Records from a collection:
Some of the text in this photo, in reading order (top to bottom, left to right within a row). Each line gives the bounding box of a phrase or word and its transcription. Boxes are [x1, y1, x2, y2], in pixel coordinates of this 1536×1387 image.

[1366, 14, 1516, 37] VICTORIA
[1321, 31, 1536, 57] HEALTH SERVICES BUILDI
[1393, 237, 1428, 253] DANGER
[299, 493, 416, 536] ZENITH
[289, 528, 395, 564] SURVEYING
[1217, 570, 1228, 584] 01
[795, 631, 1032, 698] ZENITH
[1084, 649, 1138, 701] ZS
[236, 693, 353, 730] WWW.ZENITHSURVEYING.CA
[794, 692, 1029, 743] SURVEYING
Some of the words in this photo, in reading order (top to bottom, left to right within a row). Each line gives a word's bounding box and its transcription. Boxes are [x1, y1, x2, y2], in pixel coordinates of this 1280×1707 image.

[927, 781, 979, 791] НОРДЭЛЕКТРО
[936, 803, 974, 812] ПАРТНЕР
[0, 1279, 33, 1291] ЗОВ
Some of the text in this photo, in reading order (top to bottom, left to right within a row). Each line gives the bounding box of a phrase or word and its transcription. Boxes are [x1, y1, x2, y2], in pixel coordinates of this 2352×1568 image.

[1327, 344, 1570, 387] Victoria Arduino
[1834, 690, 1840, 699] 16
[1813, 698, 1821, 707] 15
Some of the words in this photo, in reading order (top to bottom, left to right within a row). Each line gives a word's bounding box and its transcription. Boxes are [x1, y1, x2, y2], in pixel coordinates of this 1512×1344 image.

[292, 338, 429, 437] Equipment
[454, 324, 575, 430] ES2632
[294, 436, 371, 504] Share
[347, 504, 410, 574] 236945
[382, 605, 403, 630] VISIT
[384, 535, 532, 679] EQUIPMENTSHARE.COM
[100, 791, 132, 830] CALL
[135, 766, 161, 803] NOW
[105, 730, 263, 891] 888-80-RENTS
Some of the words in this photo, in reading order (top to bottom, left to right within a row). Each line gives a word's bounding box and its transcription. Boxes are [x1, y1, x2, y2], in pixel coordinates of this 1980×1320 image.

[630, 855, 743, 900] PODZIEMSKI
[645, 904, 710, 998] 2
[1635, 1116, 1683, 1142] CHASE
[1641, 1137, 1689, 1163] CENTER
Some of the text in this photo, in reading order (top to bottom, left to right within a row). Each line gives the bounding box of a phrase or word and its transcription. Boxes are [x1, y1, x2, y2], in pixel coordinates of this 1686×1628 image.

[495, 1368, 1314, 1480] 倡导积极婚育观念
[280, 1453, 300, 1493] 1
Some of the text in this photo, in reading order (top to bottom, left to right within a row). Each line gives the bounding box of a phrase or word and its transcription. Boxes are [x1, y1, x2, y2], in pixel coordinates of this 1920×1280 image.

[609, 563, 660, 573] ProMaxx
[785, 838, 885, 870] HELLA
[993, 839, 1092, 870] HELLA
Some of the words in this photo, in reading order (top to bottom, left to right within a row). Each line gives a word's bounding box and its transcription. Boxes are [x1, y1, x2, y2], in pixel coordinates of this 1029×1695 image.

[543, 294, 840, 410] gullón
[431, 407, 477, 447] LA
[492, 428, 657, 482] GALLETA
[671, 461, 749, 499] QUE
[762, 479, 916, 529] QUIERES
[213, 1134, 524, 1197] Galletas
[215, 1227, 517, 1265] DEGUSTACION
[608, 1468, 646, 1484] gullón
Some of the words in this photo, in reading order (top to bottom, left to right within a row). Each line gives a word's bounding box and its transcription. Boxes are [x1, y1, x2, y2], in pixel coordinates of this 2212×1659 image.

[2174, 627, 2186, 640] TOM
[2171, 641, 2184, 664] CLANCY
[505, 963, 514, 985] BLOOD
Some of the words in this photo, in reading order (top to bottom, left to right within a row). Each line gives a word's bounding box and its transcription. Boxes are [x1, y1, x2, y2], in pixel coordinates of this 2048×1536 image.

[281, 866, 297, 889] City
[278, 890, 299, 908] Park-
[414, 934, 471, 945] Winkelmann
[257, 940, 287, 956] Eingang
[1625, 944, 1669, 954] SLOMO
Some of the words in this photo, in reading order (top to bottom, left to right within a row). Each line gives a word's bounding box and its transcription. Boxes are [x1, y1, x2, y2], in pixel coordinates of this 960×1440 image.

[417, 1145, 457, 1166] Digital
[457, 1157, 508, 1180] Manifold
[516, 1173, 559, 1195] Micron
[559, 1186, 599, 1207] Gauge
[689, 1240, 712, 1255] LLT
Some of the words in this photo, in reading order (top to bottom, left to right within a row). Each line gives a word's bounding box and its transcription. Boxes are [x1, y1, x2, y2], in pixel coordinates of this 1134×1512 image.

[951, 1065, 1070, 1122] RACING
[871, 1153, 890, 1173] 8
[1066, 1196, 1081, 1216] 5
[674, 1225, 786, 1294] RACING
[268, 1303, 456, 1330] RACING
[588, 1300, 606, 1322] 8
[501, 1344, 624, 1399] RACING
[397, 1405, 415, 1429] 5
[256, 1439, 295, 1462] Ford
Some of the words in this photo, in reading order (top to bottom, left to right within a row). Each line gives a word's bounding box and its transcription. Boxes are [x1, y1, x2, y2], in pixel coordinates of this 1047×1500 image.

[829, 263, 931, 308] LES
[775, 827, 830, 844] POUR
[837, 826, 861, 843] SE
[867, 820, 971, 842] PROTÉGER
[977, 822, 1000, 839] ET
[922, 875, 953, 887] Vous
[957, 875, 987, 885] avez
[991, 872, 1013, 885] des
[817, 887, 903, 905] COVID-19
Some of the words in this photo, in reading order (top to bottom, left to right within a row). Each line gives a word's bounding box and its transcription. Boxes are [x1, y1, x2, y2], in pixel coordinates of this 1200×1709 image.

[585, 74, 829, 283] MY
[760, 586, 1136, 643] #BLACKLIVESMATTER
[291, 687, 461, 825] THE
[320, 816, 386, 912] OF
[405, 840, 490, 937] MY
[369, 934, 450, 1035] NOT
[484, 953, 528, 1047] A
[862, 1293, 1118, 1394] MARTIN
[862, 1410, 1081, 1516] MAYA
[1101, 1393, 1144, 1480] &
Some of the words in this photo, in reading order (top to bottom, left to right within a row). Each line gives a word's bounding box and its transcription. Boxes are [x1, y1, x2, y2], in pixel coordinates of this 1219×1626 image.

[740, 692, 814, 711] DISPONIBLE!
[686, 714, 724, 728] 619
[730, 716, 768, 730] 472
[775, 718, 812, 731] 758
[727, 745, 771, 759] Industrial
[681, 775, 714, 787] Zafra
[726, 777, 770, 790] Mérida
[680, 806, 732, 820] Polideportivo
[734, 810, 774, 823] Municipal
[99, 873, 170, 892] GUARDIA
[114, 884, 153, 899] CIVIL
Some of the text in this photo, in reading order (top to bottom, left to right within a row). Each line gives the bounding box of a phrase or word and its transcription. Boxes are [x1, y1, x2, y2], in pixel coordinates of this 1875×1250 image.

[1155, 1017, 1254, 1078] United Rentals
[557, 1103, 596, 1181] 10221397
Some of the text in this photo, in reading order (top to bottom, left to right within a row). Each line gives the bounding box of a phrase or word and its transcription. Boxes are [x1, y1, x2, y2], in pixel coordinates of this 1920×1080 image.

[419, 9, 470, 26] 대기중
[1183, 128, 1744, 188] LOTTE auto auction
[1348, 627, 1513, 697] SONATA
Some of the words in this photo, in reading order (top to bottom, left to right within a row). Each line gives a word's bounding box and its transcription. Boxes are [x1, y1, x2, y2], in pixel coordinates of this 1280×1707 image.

## Work order
Transcribe the data exactly.

## Exercise solution
Some of the text in this photo, in reading order (top to bottom, left to right within a row). Each line gives the bounding box of a phrase or word and its transcription. Boxes are [x1, y1, x2, y2], in pixel coordinates of this 1536×1387 image.

[1366, 14, 1516, 37] VICTORIA
[1321, 31, 1536, 57] HEALTH SERVICES BUILDI
[1393, 237, 1428, 253] DANGER
[299, 493, 416, 536] ZENITH
[289, 528, 395, 564] SURVEYING
[1217, 570, 1228, 584] 01
[795, 631, 1032, 698] ZENITH
[1084, 649, 1138, 701] ZS
[236, 693, 353, 730] WWW.ZENITHSURVEYING.CA
[794, 692, 1029, 743] SURVEYING
Some of the words in this photo, in reading order (top to bottom, left to right within a row). Each line gives a word's bounding box and its transcription. Boxes are [x1, y1, x2, y2], in pixel coordinates of this 1280×1707 image.

[927, 781, 979, 791] НОРДЭЛЕКТРО
[936, 803, 974, 812] ПАРТНЕР
[0, 1279, 33, 1291] ЗОВ
Some of the text in this photo, in reading order (top to bottom, left to right within a row). Each line gives the bounding box of a phrase or word and its transcription. Boxes are [x1, y1, x2, y2], in pixel coordinates of this 2352×1568 image.

[1327, 344, 1570, 387] Victoria Arduino
[1834, 690, 1840, 699] 16
[1813, 698, 1821, 707] 15
Some of the words in this photo, in reading order (top to bottom, left to right within a row). Each line gives a word's bounding box and its transcription. Boxes are [x1, y1, x2, y2], in pixel coordinates of this 1512×1344 image.

[292, 338, 429, 437] Equipment
[454, 324, 575, 430] ES2632
[294, 436, 371, 504] Share
[347, 504, 410, 574] 236945
[382, 605, 403, 630] VISIT
[384, 535, 532, 679] EQUIPMENTSHARE.COM
[100, 791, 132, 830] CALL
[135, 766, 161, 803] NOW
[105, 730, 263, 891] 888-80-RENTS
Some of the words in this photo, in reading order (top to bottom, left to right within a row). Each line gives a word's bounding box and its transcription. Boxes are [x1, y1, x2, y2], in pixel coordinates of this 1980×1320 image.

[630, 855, 743, 900] PODZIEMSKI
[645, 904, 710, 998] 2
[1635, 1116, 1683, 1142] CHASE
[1641, 1137, 1689, 1163] CENTER
Some of the text in this photo, in reading order (top to bottom, left to right within a row). Each line gives the bounding box of a phrase or word and its transcription. Boxes are [x1, y1, x2, y2], in pixel coordinates of this 1686×1628 image.

[495, 1368, 1314, 1480] 倡导积极婚育观念
[280, 1453, 300, 1493] 1
Some of the text in this photo, in reading order (top to bottom, left to right within a row). Each line gives the bounding box of a phrase or word and its transcription. Boxes are [x1, y1, x2, y2], in pixel coordinates of this 1920×1280 image.

[609, 563, 660, 573] ProMaxx
[785, 838, 885, 870] HELLA
[993, 839, 1092, 870] HELLA
Some of the words in this photo, in reading order (top to bottom, left to right within a row). Each line gives a word's bounding box and its transcription. Boxes are [x1, y1, x2, y2], in pixel coordinates of this 1029×1695 image.

[543, 294, 840, 410] gullón
[431, 407, 477, 447] LA
[492, 428, 657, 482] GALLETA
[671, 461, 749, 499] QUE
[762, 479, 916, 529] QUIERES
[213, 1134, 524, 1197] Galletas
[215, 1227, 517, 1265] DEGUSTACION
[608, 1468, 646, 1484] gullón
Some of the words in this photo, in reading order (top to bottom, left to right within a row). Each line gives a word's bounding box and its transcription. Boxes are [x1, y1, x2, y2], in pixel coordinates of this 2212×1659 image.

[2174, 627, 2186, 640] TOM
[2171, 641, 2184, 664] CLANCY
[505, 963, 514, 985] BLOOD
Some of the words in this photo, in reading order (top to bottom, left to right within a row). Each line gives a word's bounding box and its transcription. Boxes are [x1, y1, x2, y2], in pixel coordinates of this 2048×1536 image.

[281, 866, 297, 889] City
[278, 890, 299, 908] Park-
[414, 934, 471, 945] Winkelmann
[257, 940, 287, 956] Eingang
[1625, 944, 1669, 954] SLOMO
Some of the words in this photo, in reading order (top to bottom, left to right within a row). Each line gives a word's bounding box and its transcription. Boxes are [x1, y1, x2, y2], in pixel coordinates of this 960×1440 image.

[417, 1145, 457, 1166] Digital
[457, 1157, 508, 1180] Manifold
[516, 1173, 559, 1195] Micron
[559, 1186, 599, 1207] Gauge
[689, 1240, 712, 1255] LLT
Some of the words in this photo, in reading order (top to bottom, left to right within a row). Each line gives a word's bounding box and its transcription. Boxes are [x1, y1, x2, y2], in pixel coordinates of this 1134×1512 image.

[951, 1065, 1070, 1122] RACING
[871, 1153, 890, 1173] 8
[1066, 1196, 1081, 1216] 5
[674, 1225, 786, 1294] RACING
[268, 1303, 456, 1330] RACING
[588, 1300, 606, 1322] 8
[501, 1344, 624, 1399] RACING
[397, 1405, 415, 1429] 5
[256, 1439, 295, 1462] Ford
Some of the words in this photo, in reading order (top to bottom, left to right within a row). Each line gives a word's bounding box and its transcription. Boxes are [x1, y1, x2, y2], in pixel coordinates of this 1047×1500 image.

[829, 263, 931, 308] LES
[775, 827, 830, 844] POUR
[837, 826, 861, 843] SE
[867, 820, 971, 842] PROTÉGER
[977, 822, 1000, 839] ET
[922, 875, 953, 887] Vous
[957, 875, 987, 885] avez
[991, 872, 1013, 885] des
[817, 887, 903, 905] COVID-19
Some of the words in this photo, in reading order (top to bottom, left to right within a row). Each line gives a word's bounding box and its transcription. Boxes are [x1, y1, x2, y2], in pixel coordinates of this 1200×1709 image.

[585, 74, 829, 283] MY
[760, 586, 1136, 643] #BLACKLIVESMATTER
[291, 687, 461, 825] THE
[320, 816, 386, 912] OF
[405, 840, 490, 937] MY
[369, 934, 450, 1035] NOT
[484, 953, 528, 1047] A
[862, 1293, 1118, 1394] MARTIN
[862, 1410, 1081, 1516] MAYA
[1101, 1393, 1144, 1480] &
Some of the words in this photo, in reading order (top to bottom, left to right within a row). Each line gives a word's bounding box and its transcription. Boxes are [x1, y1, x2, y2], in pixel coordinates of this 1219×1626 image.

[740, 692, 814, 711] DISPONIBLE!
[686, 714, 724, 728] 619
[730, 716, 768, 730] 472
[775, 718, 812, 731] 758
[727, 745, 771, 759] Industrial
[681, 775, 714, 787] Zafra
[726, 777, 770, 790] Mérida
[680, 806, 732, 820] Polideportivo
[734, 810, 774, 823] Municipal
[99, 873, 170, 892] GUARDIA
[114, 884, 153, 899] CIVIL
Some of the text in this photo, in reading order (top to bottom, left to right within a row). Each line gives the bounding box of a phrase or word and its transcription. Boxes are [x1, y1, x2, y2], in pixel coordinates of this 1875×1250 image.

[1155, 1017, 1254, 1078] United Rentals
[557, 1103, 596, 1181] 10221397
Some of the text in this photo, in reading order (top to bottom, left to right within a row). Each line gives the bounding box of a phrase or word and its transcription. Boxes are [x1, y1, x2, y2], in pixel coordinates of this 1920×1080 image.

[419, 9, 470, 26] 대기중
[1183, 128, 1744, 188] LOTTE auto auction
[1348, 627, 1513, 697] SONATA
Some of the words in this photo, in reading order (top to bottom, left to right within a row). Each line gives a word's bounding box and its transcription. Boxes are [x1, y1, x2, y2], in pixel coordinates of this 1280×1707 image.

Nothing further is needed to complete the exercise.